[Collected data]
'''

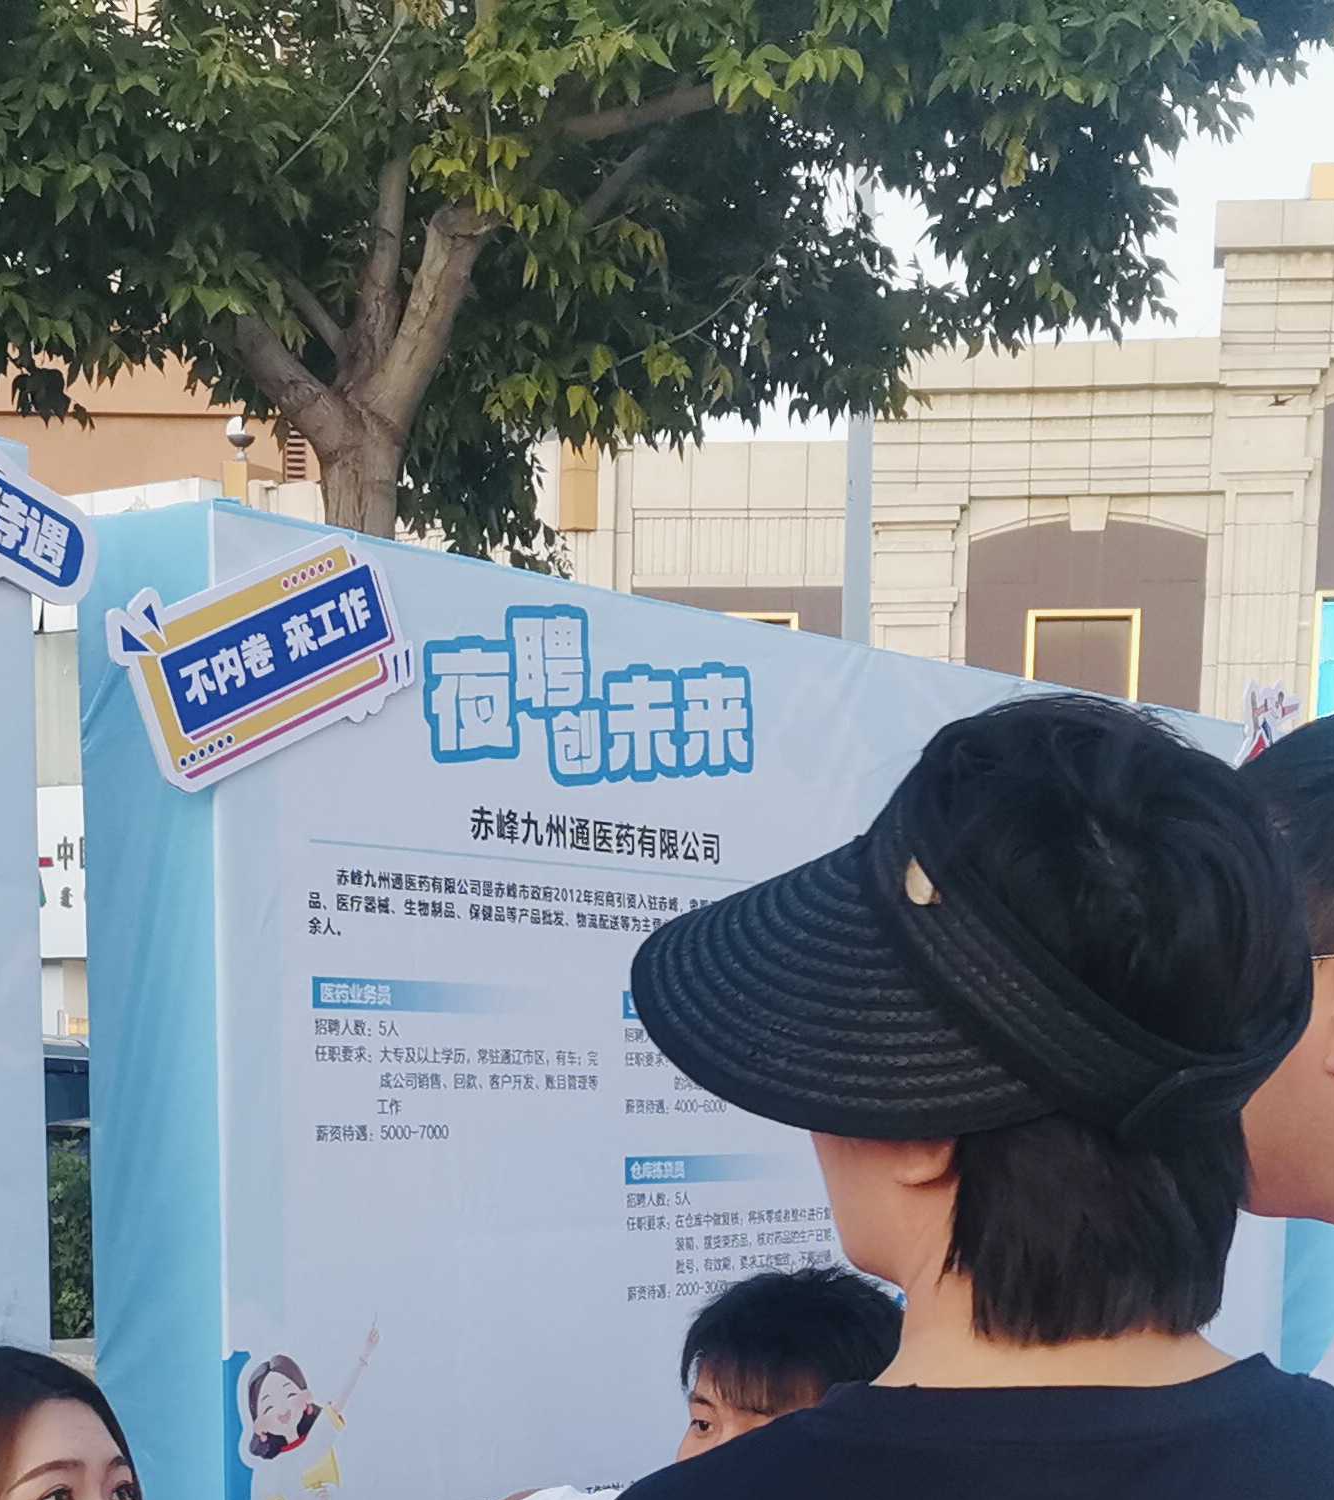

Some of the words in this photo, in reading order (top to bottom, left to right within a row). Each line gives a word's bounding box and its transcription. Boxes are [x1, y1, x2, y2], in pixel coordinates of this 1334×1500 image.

[283, 586, 372, 660] 来工作
[178, 636, 275, 707] 不内卷
[427, 609, 750, 781] 夜聘创未来
[470, 806, 721, 865] 赤峰九州通医药有限公司
[377, 1099, 402, 1115] 工作
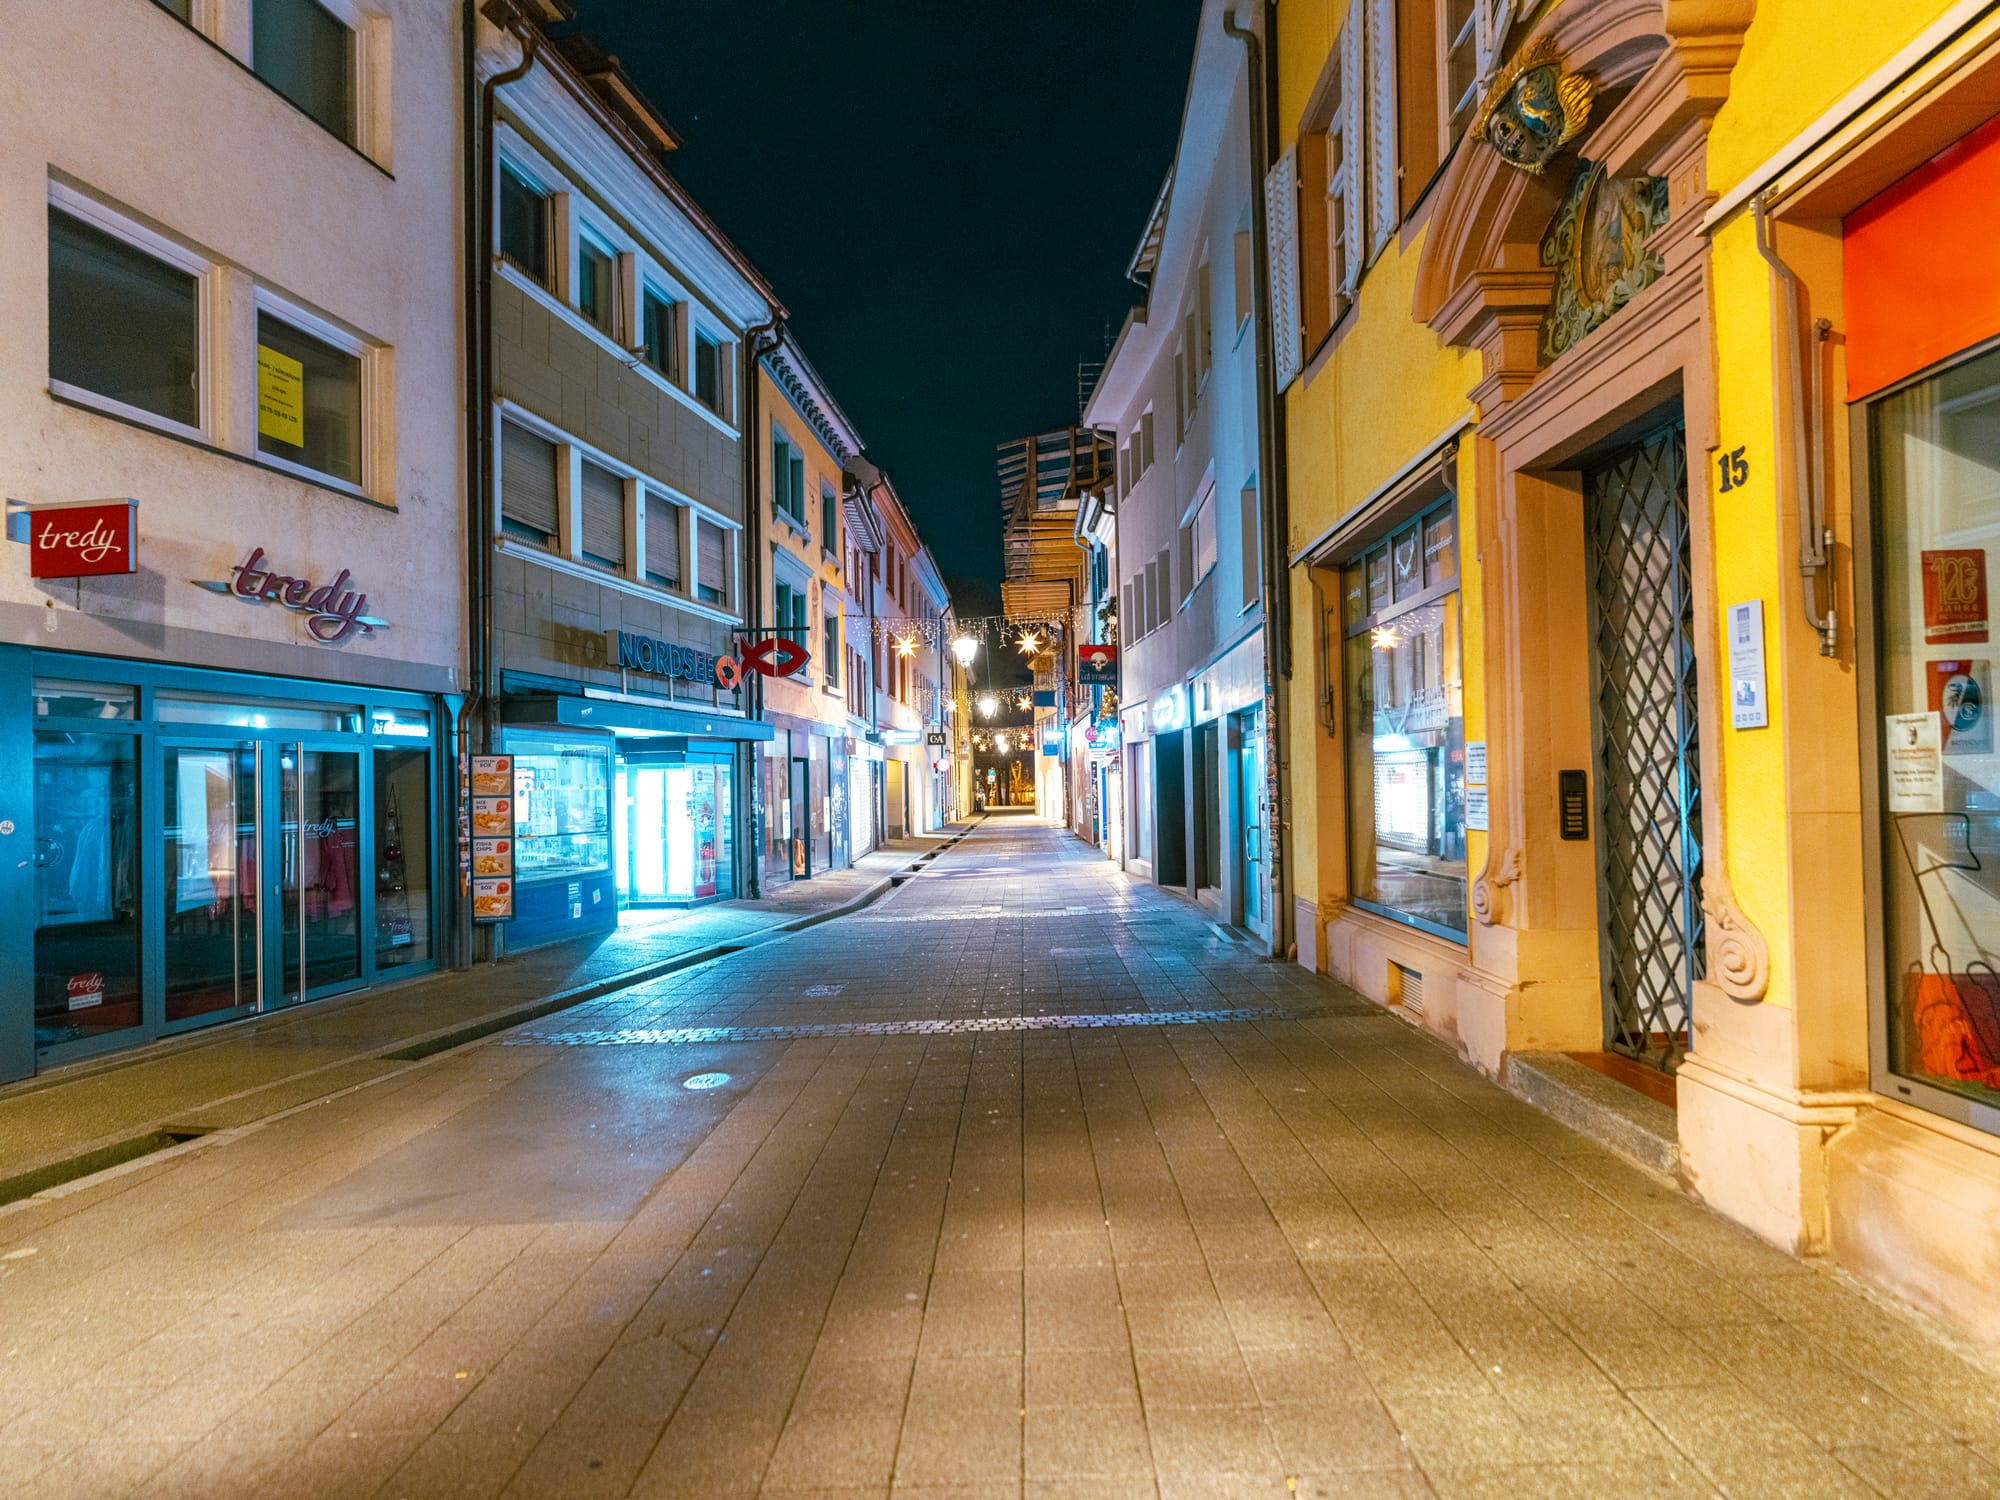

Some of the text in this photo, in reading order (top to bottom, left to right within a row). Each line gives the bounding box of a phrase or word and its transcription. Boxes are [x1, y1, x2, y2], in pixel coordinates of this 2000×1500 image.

[1718, 446, 1749, 493] 15
[37, 518, 122, 563] tredy
[229, 546, 375, 644] tredy
[616, 630, 715, 685] NORDSEE
[67, 973, 106, 993] tredy
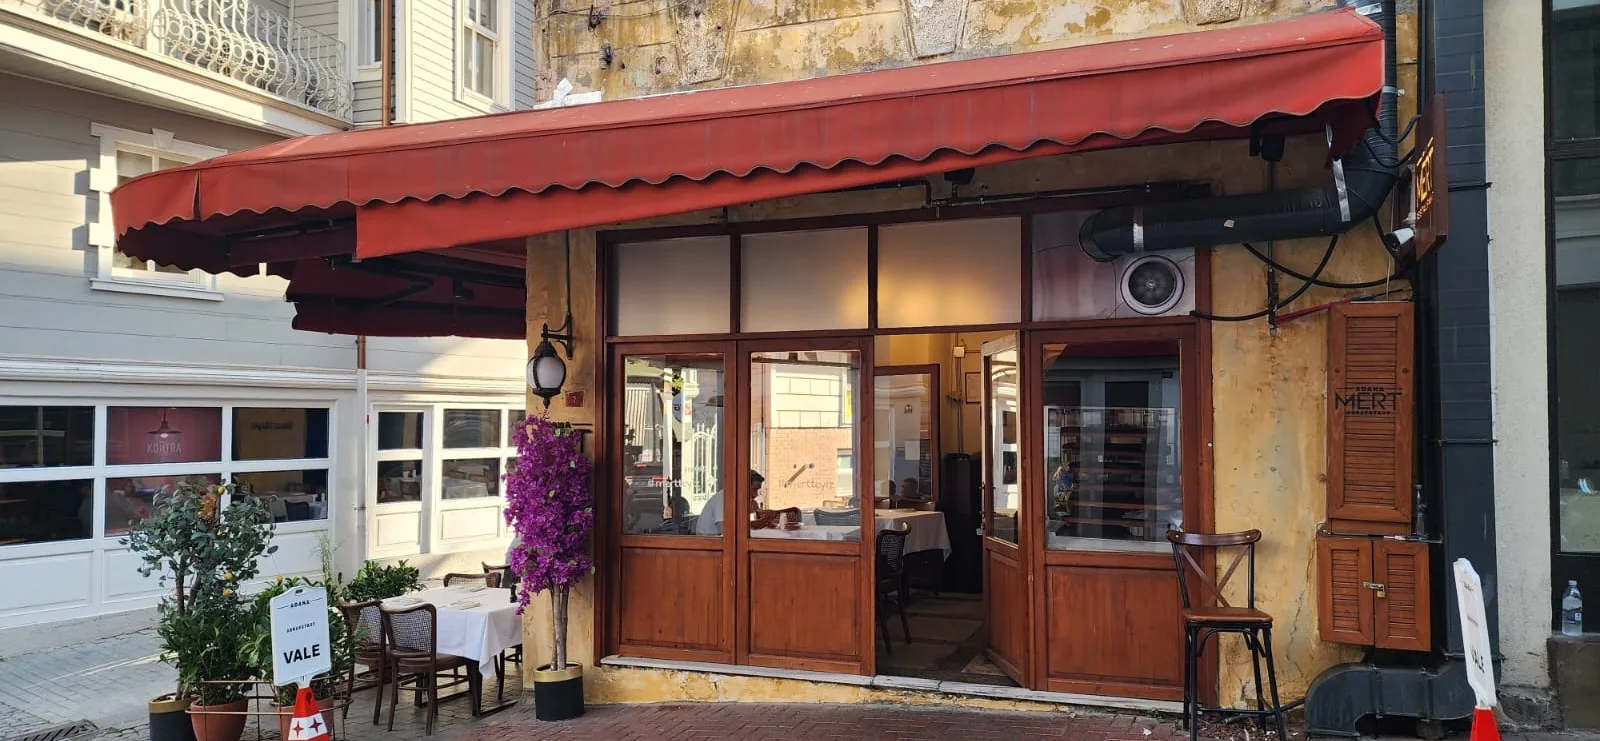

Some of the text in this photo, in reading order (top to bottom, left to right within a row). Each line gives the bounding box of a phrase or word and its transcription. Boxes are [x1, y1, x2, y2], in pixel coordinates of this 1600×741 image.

[1335, 392, 1402, 409] MERT
[291, 600, 310, 608] ADANA
[283, 644, 320, 664] VALE
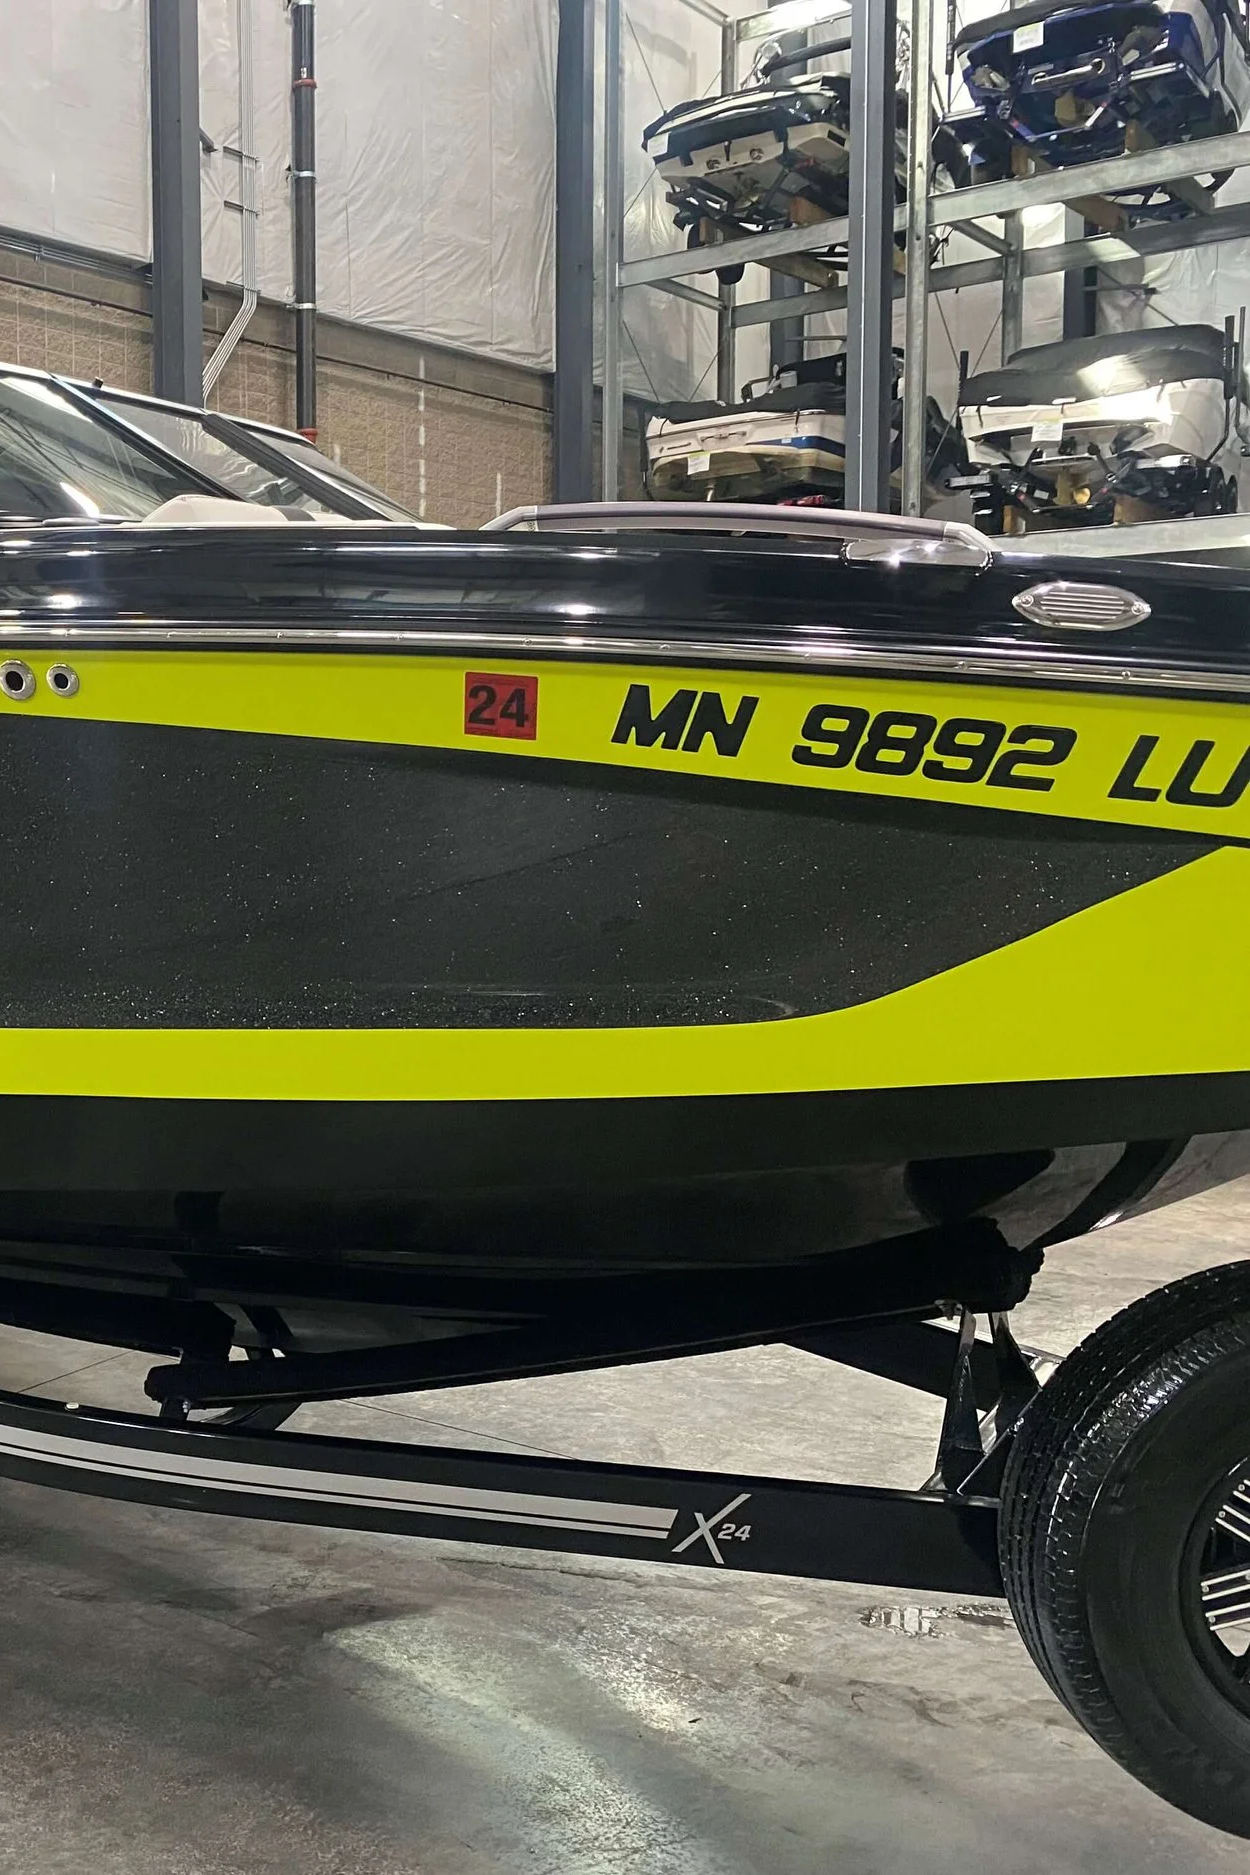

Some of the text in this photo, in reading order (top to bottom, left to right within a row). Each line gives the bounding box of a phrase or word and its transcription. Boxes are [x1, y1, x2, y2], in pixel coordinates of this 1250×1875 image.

[468, 684, 529, 728] 24
[611, 684, 1250, 807] MN 9892 LU

'''

EXERCISE DIRECTIONS:
Copy exactly, please, the span of lines that begins at the line with "this 1250×1875 image." and ends at the last line of the data, both included.

OUTPUT BELOW:
Some of the text in this photo, in reading order (top to bottom, left to right within a row). Each line gives the bounding box of a phrase or word and its transcription. Boxes are [x1, y1, x2, y2], in pixel coordinates of this 1250×1875 image.

[468, 684, 529, 728] 24
[611, 684, 1250, 807] MN 9892 LU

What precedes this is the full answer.